Très souvent dans la suite, il devint pour moi une sorte de « dernière instance » lorsque j’avais écrit pour Die Welt des articles à propos desquels j’avais quelques doutes : pouvais-je en toute conscience dire les choses ainsi ? mes informations étaient-elles fiables ? « Allez-y ! », m’encourageait-il presque à chaque fois, toujours jovial : c’était bien comme je l’avais décrit, mais au fond tout était encore beaucoup plus dramatique.

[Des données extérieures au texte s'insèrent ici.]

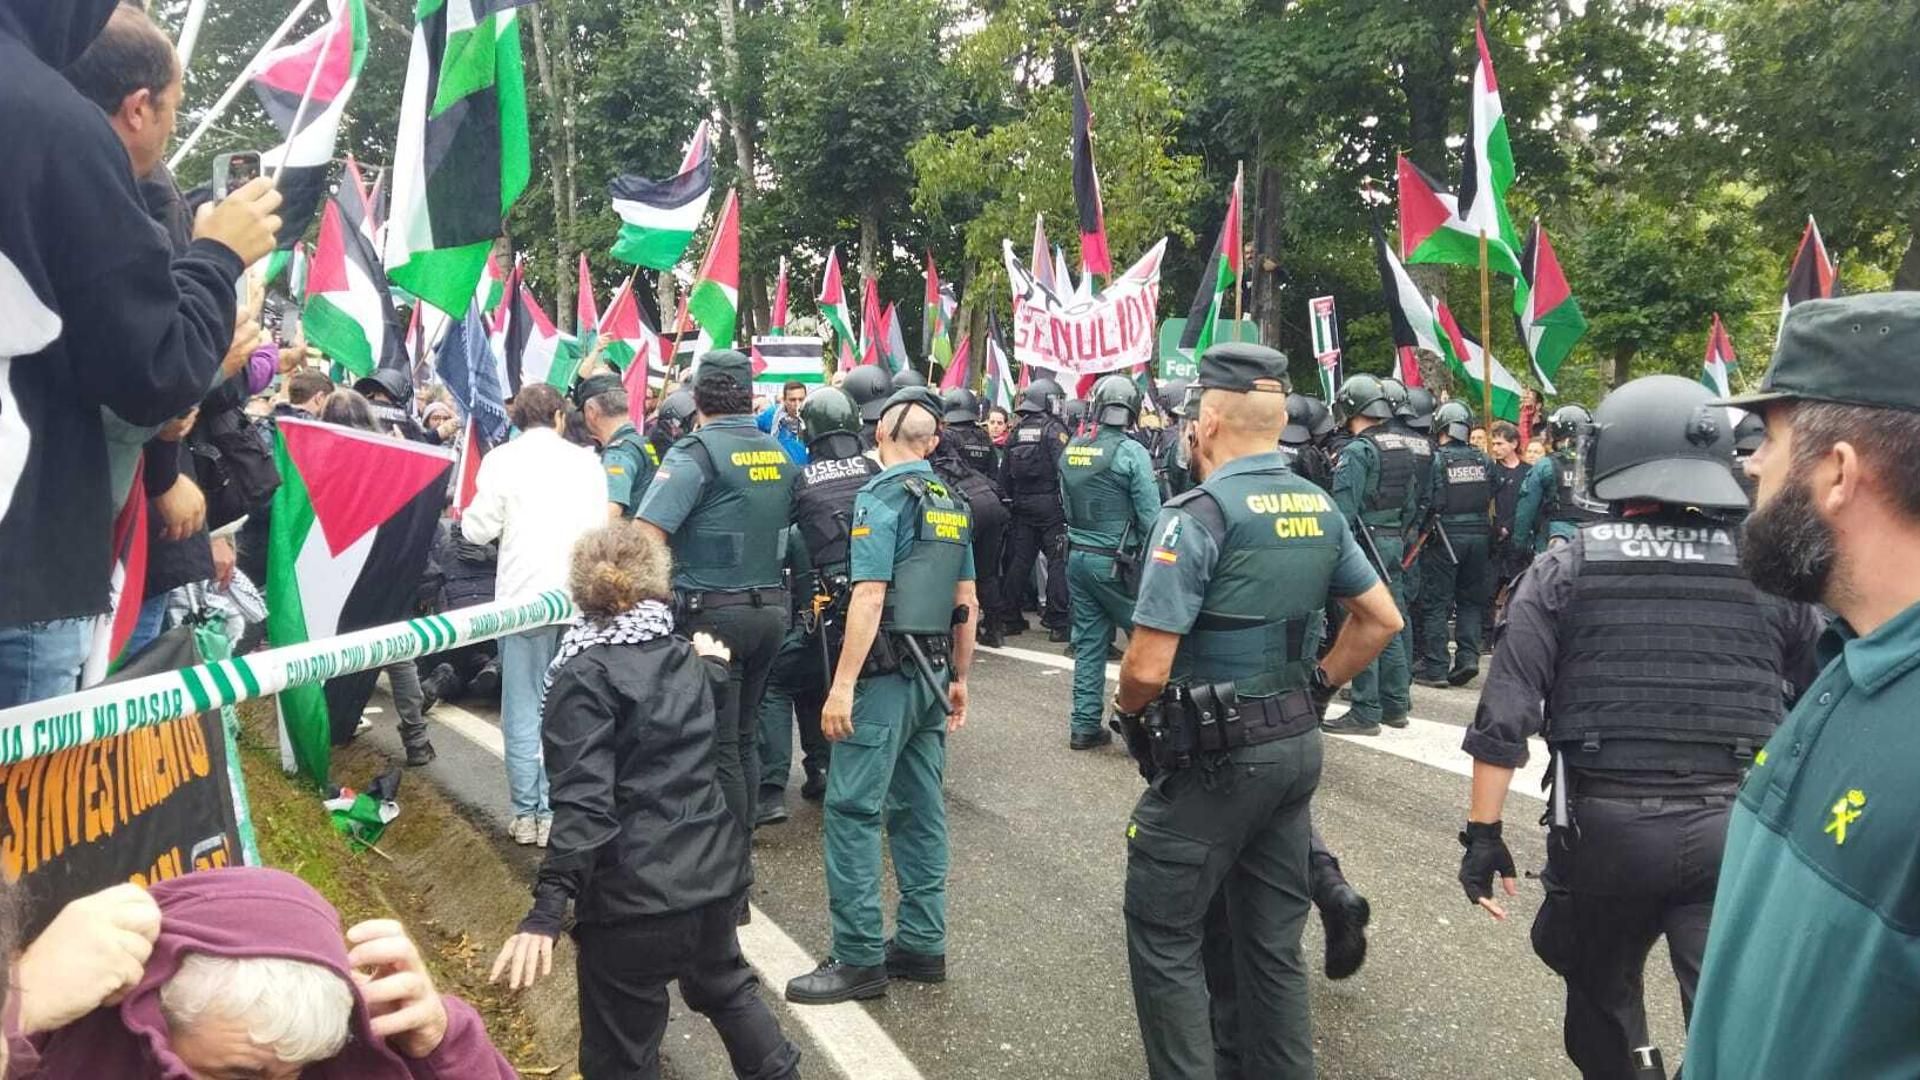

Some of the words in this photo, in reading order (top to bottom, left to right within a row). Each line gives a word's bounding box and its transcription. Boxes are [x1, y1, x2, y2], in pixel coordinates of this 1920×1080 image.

Dans la basilique Saint-Pierre, nous avons eu longtemps le même confesseur (qu’il trouvait de toutes façons trop libéral pour les péchés plutôt conservateurs que lui – et moi aussi – avions à confesser là-bas). Là-bas, devant la tombe de Pierre, un jour, nous nous sommes croisés, alors que l’un de ses plus proches collaborateurs pour la formation des prêtres venait de lui avouer qu’il était homosexuel et qu’il souhaitait désormais vivre cela ouvertement.
Rien d’humain ne lui était étranger. « Joachim, très bien ! » : tel fut le titre de notre dernier reportage de Vatican-Magazin qui lui était consacré. C’était là une expression de sa mère, que nous aimons à lui redire encore une fois aujourd’hui.

Après notre voyage à Manopello, le 4 avril 2005, nous avons tous les deux prié un dernier rosaire dans la salle Clémentine à quelques pas du corps exposé de saint Jean-Paul II – après avoir prié un rosaire pour aller à Manopello et un rosaire au retour. Ce jour-là, malgré le long voyage aux côtés du cardinal de Cologne, je fus le seul de tous les collègues présents à Rome qui pût voir encore une fois de près et décrire pour mon journal le pape défunt. Et maintenant le grand saint l’a sûrement reçu sans hésitation et subito dans la Jérusalem céleste, pour l’audience pontificale que son successeur ici-bas, dans une Rome qui lui était devenue trop étroite, ne voulait plus lui accorder. Ces deux amis de l’Eglise du Christ éprouvée sur la terre sont désormais ensemble, mais – dans le chœur des anges et des saints – plus proches que cela ne leur fut possible auparavant. Je me réjouis de le retrouver.
C’est bien vrai, et pourtant, il me manque déjà.